— Goal of the exercise —
Copy out the entries that follow exactly, leaving every picture behind.

—————

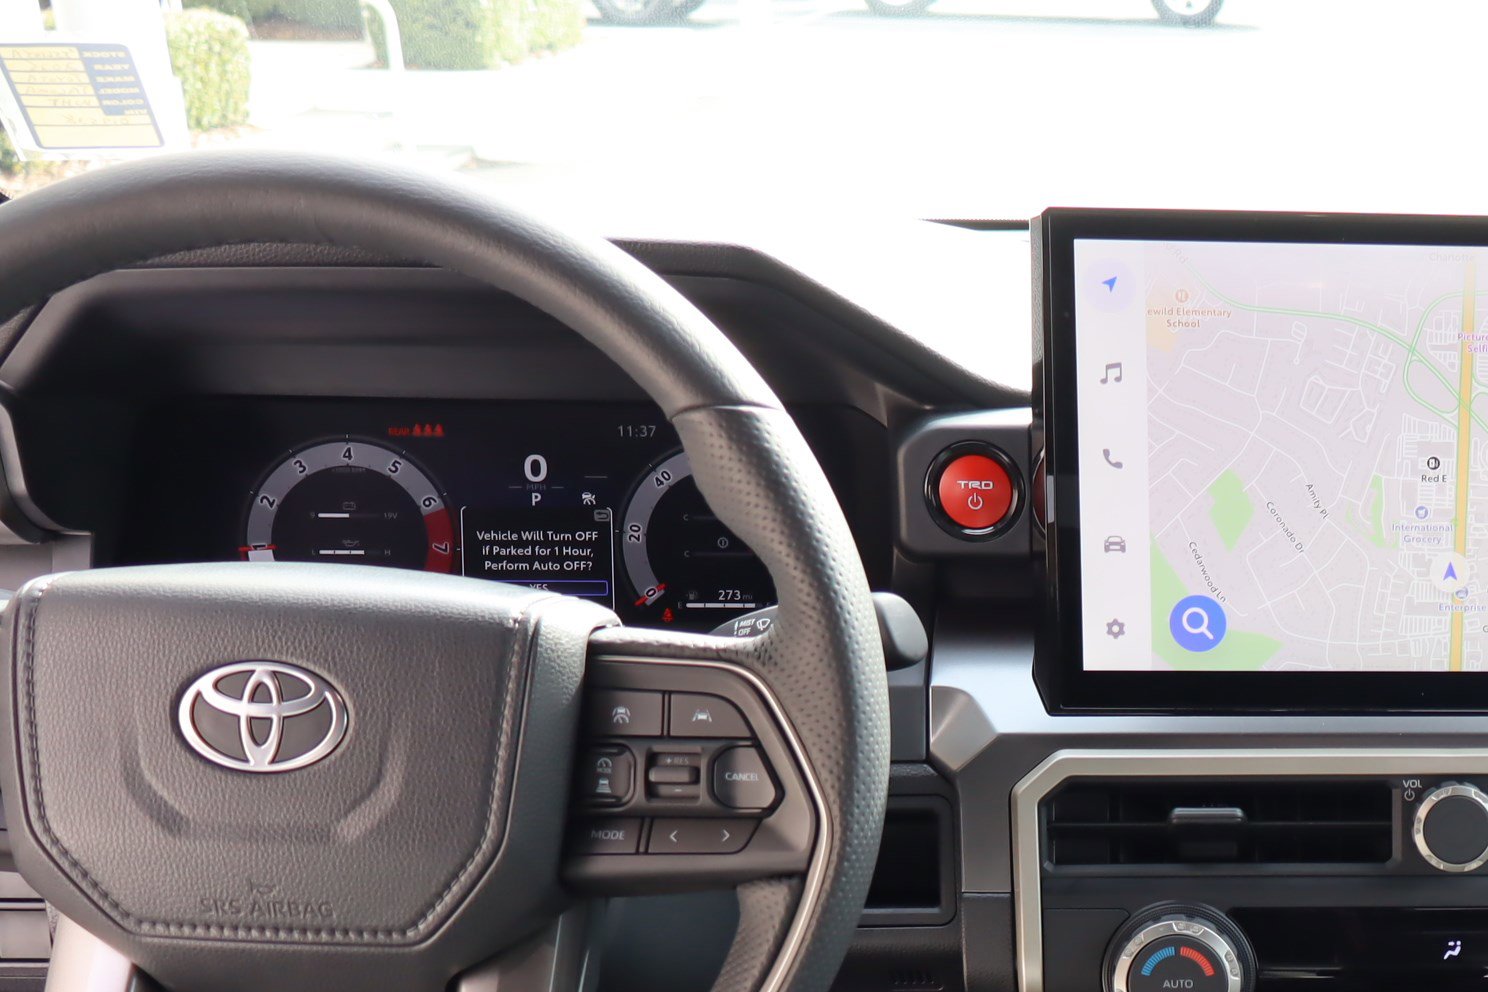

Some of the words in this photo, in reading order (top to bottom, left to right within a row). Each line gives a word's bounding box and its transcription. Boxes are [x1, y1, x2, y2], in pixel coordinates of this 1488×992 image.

[1175, 308, 1232, 319] Elementary
[1166, 318, 1201, 328] School
[617, 425, 656, 437] 11:37
[342, 446, 353, 461] 4
[293, 459, 307, 474] 3
[387, 459, 402, 474] 5
[653, 470, 672, 488] 40
[1421, 474, 1438, 483] Red
[1442, 474, 1447, 483] E
[956, 480, 994, 490] TRD
[259, 494, 276, 509] 2
[422, 496, 437, 508] 6
[531, 493, 542, 507] P
[1305, 483, 1324, 512] Amity
[1266, 500, 1296, 544] Coronado
[1293, 540, 1304, 553] Dr
[1391, 523, 1453, 533] International
[476, 530, 518, 541] Vehicle
[520, 530, 544, 541] Will
[546, 531, 572, 541] Turn
[575, 531, 598, 541] OFF
[627, 524, 642, 543] 20
[1403, 534, 1442, 545] Grocery
[432, 542, 449, 554] 7
[482, 545, 491, 556] if
[493, 546, 532, 556] Parked
[534, 546, 550, 556] for
[554, 547, 559, 556] 1
[563, 546, 594, 558] Hour,
[484, 560, 530, 571] Perform
[532, 560, 560, 571] Auto
[563, 560, 593, 571] OFF?
[1188, 541, 1220, 594] Cedarwood
[1216, 590, 1227, 603] Ln
[718, 589, 741, 601] 273
[1438, 604, 1487, 613] Enterprise
[725, 771, 759, 781] CANCEL
[1402, 779, 1422, 788] VOL
[591, 830, 625, 840] MODE
[250, 899, 334, 918] AIRBAG
[1163, 979, 1194, 989] AUTO
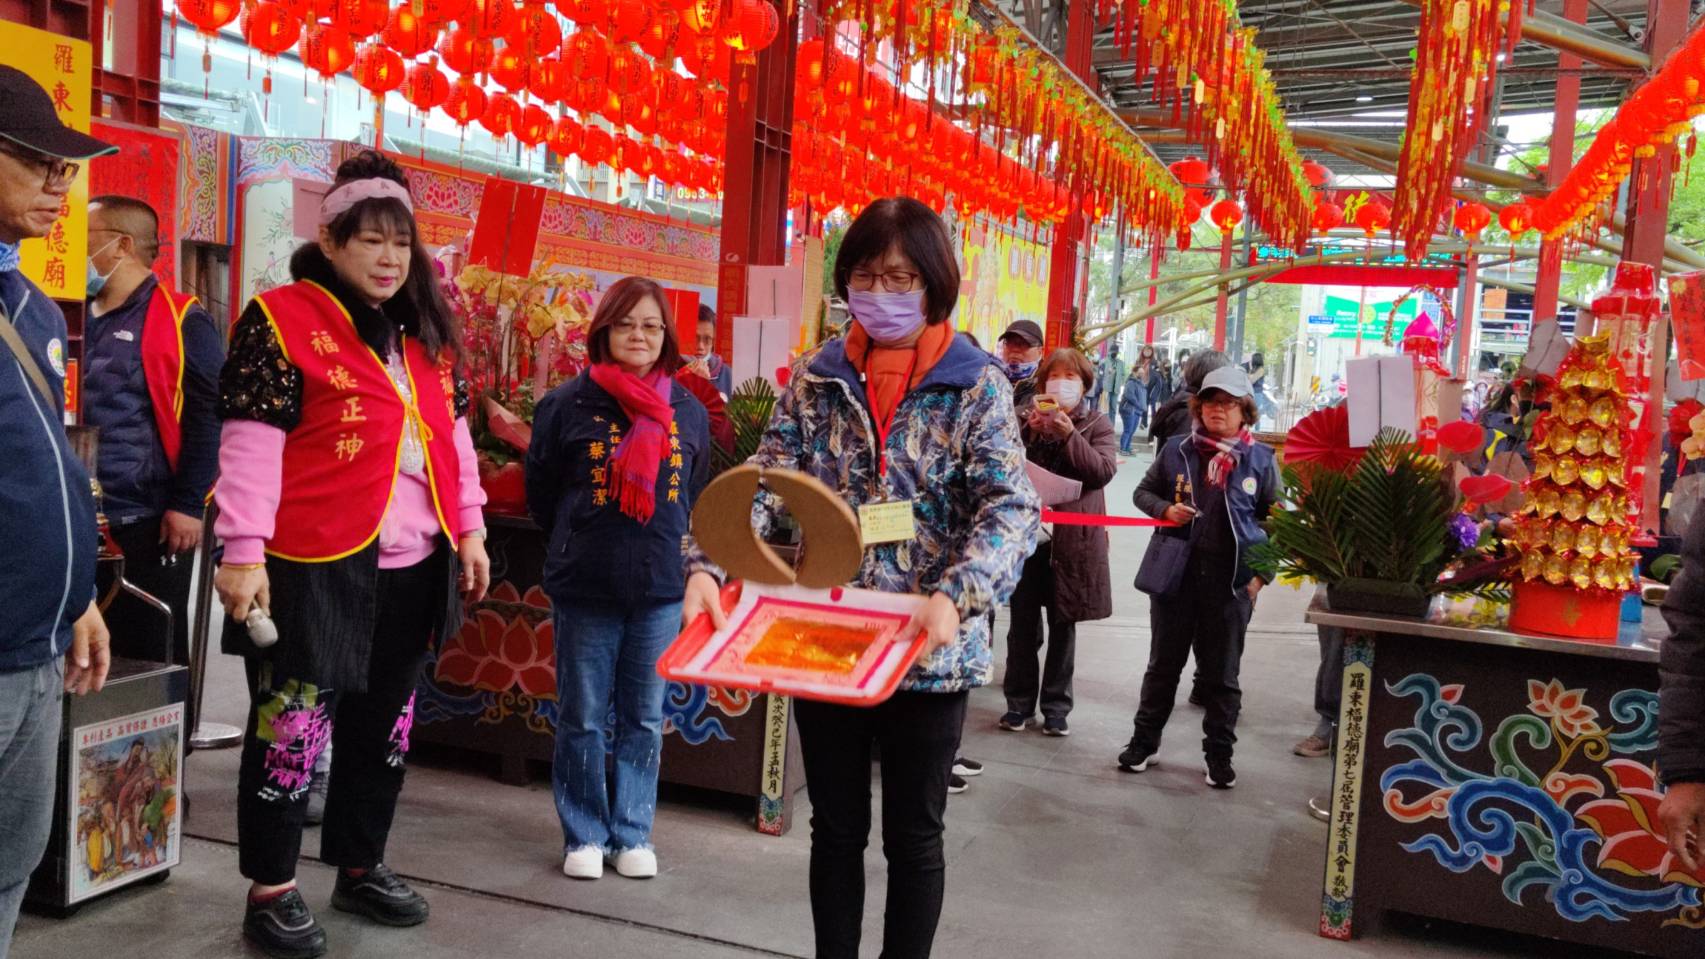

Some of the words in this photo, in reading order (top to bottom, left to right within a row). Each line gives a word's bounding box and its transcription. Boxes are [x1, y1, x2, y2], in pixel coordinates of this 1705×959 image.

—————

— Exercise answer —
Some of the words in this photo, in reading order (top to bottom, left to right within a row). Each line gives a word's bounding box and its transcription. Boxes are [x1, y1, x2, y2], in pixel coordinates of this 1488×992 image.

[1175, 308, 1232, 319] Elementary
[1166, 318, 1201, 328] School
[617, 425, 656, 437] 11:37
[342, 446, 353, 461] 4
[293, 459, 307, 474] 3
[387, 459, 402, 474] 5
[653, 470, 672, 488] 40
[1421, 474, 1438, 483] Red
[1442, 474, 1447, 483] E
[956, 480, 994, 490] TRD
[259, 494, 276, 509] 2
[422, 496, 437, 508] 6
[531, 493, 542, 507] P
[1305, 483, 1324, 512] Amity
[1266, 500, 1296, 544] Coronado
[1293, 540, 1304, 553] Dr
[1391, 523, 1453, 533] International
[476, 530, 518, 541] Vehicle
[520, 530, 544, 541] Will
[546, 531, 572, 541] Turn
[575, 531, 598, 541] OFF
[627, 524, 642, 543] 20
[1403, 534, 1442, 545] Grocery
[432, 542, 449, 554] 7
[482, 545, 491, 556] if
[493, 546, 532, 556] Parked
[534, 546, 550, 556] for
[554, 547, 559, 556] 1
[563, 546, 594, 558] Hour,
[484, 560, 530, 571] Perform
[532, 560, 560, 571] Auto
[563, 560, 593, 571] OFF?
[1188, 541, 1220, 594] Cedarwood
[1216, 590, 1227, 603] Ln
[718, 589, 741, 601] 273
[1438, 604, 1487, 613] Enterprise
[725, 771, 759, 781] CANCEL
[1402, 779, 1422, 788] VOL
[591, 830, 625, 840] MODE
[250, 899, 334, 918] AIRBAG
[1163, 979, 1194, 989] AUTO

Some of the words in this photo, in reading order (top to bottom, left to right within a row). Each line gives a word's bounding box and its transcription. Boxes are [x1, y1, x2, y2], in pixel coordinates of this 1705×959 image.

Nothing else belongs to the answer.